Given the complexity of the combination breast augmentation/lifting operation and the greater risk of revisionary breast surgery needed, there are good plastic surgeons who will insist on doing the procedures separately. For me, if I see a patient who needs a great degree of lifting, who has lost a lot of skin elasticity, or whose goal is a very large augmentation then I think it is best to do the procedures in 2 stages (in order to avoid serious complications). However, doing the procedure in one stage does increase the risks of complications in general and the potential need for further surgery. This increased risk must be weighed against the practical benefits of a single stage procedure (which most patients would prefer).
Conversely, if I see a patient who requires minimal to moderate lifting along with a small to moderate size augmentation (and has good skin quality), then doing the procedure one stage is much safer. Nevertheless, the potential risks are greater with a 1 stage procedure and the patient does have a higher likelihood of needing revisionary surgery.
Also, generally speaking, the best online advice I can give to ladies who are considering breast augmentation/lifting surgery ( regarding breast implant size/profile selection) is:
1. Concentrate on choosing your plastic surgeon carefully. Concentrate on appropriate training, certification, and the ability of the plastic surgeon to achieve the results you are looking for. Ask to see lots of examples of his/her work.
2. Again, have a full discussion and communication regarding your desired goals with your plastic surgeon. This communication will be critical in determining which operation and/or breast implant size/type/profile will most likely help achieve your goals.

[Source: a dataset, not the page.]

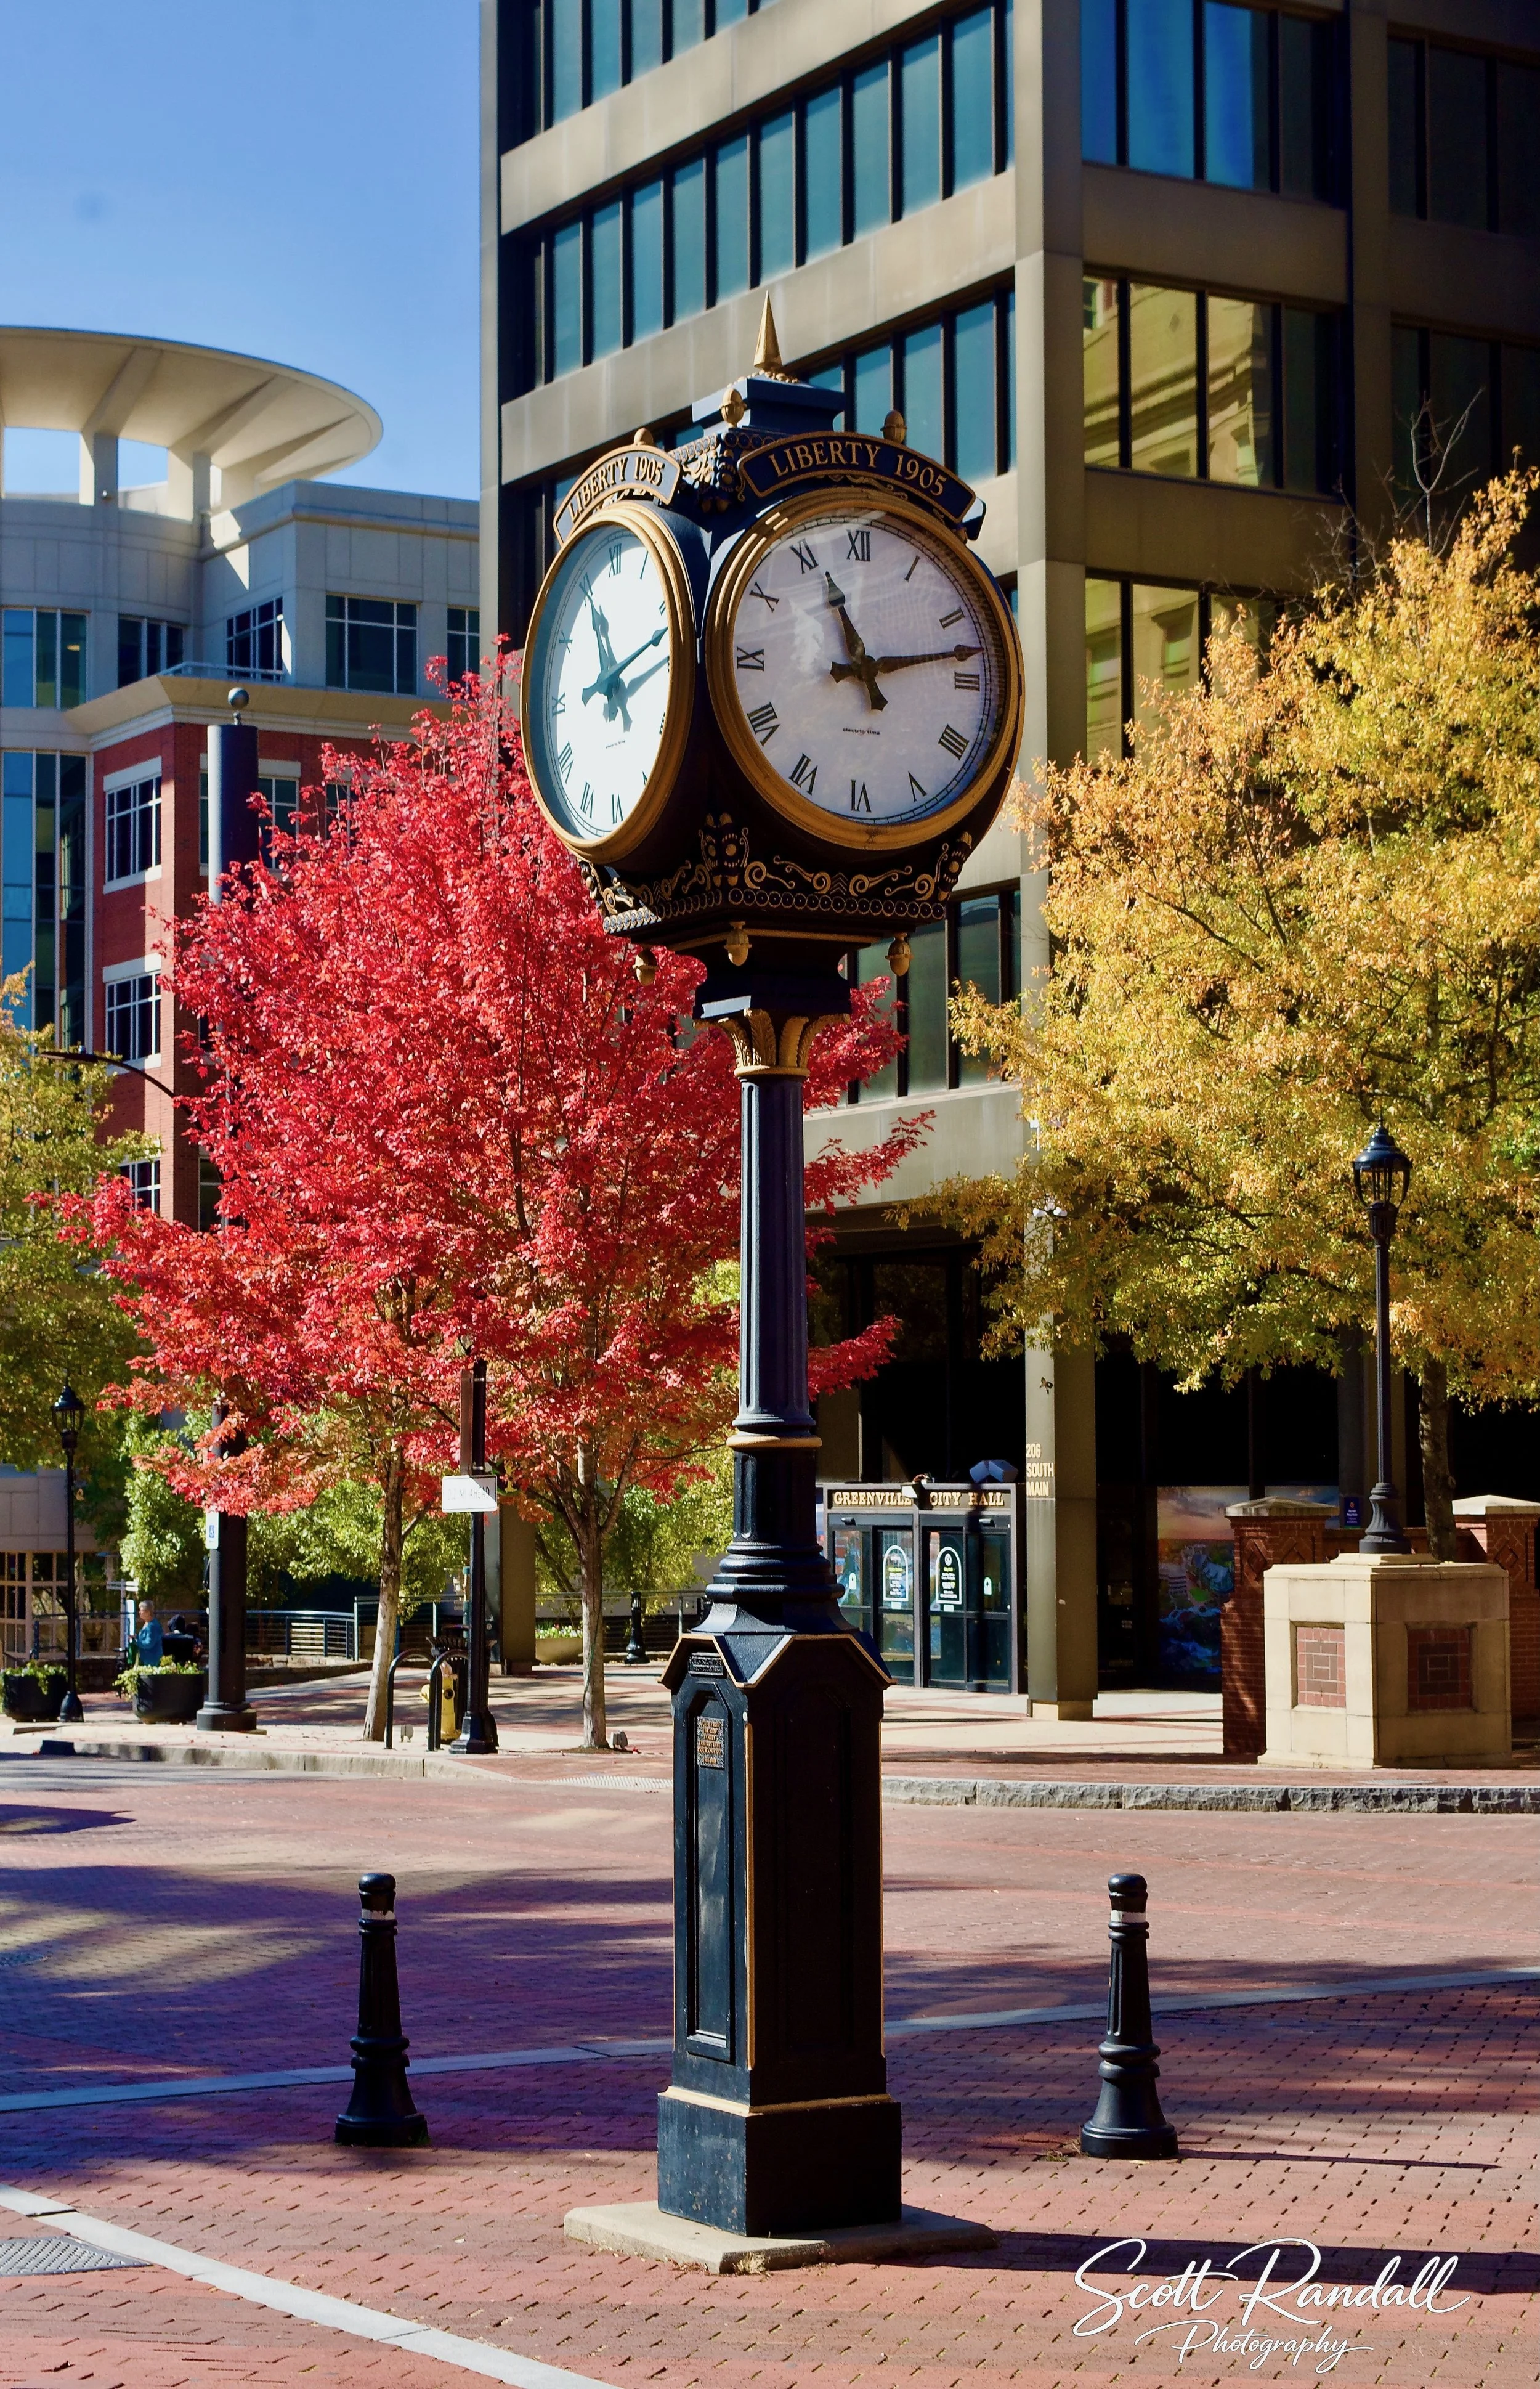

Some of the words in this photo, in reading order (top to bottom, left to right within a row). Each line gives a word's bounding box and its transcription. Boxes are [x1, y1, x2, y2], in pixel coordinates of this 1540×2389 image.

In my practice, the use of photographs of “goal” pictures (and breasts that are too big or too small) is very helpful. I have found that the use of words such as “natural” or "DD or E cup" etc means different things to different people and therefore prove unhelpful.
Also, as you know, cup size varies depending on who makes the bra; therefore, discussing desired cup size may also be inaccurate. The use of computer imaging may be very helpful during this communication phase.
3. Once you feel you have communicated your goals clearly, allow your plastic surgeon to use his/her years of experience/judgment to choose the breast implant size/profile that will best meet your goals. Again, in my practice, this decision is usually made during surgery. The use of temporary intraoperative sizers with the patient in the upright position makes selection of the best breast implant size/profile relatively easy.
I hope this, and the attached link, helps. Best wishes.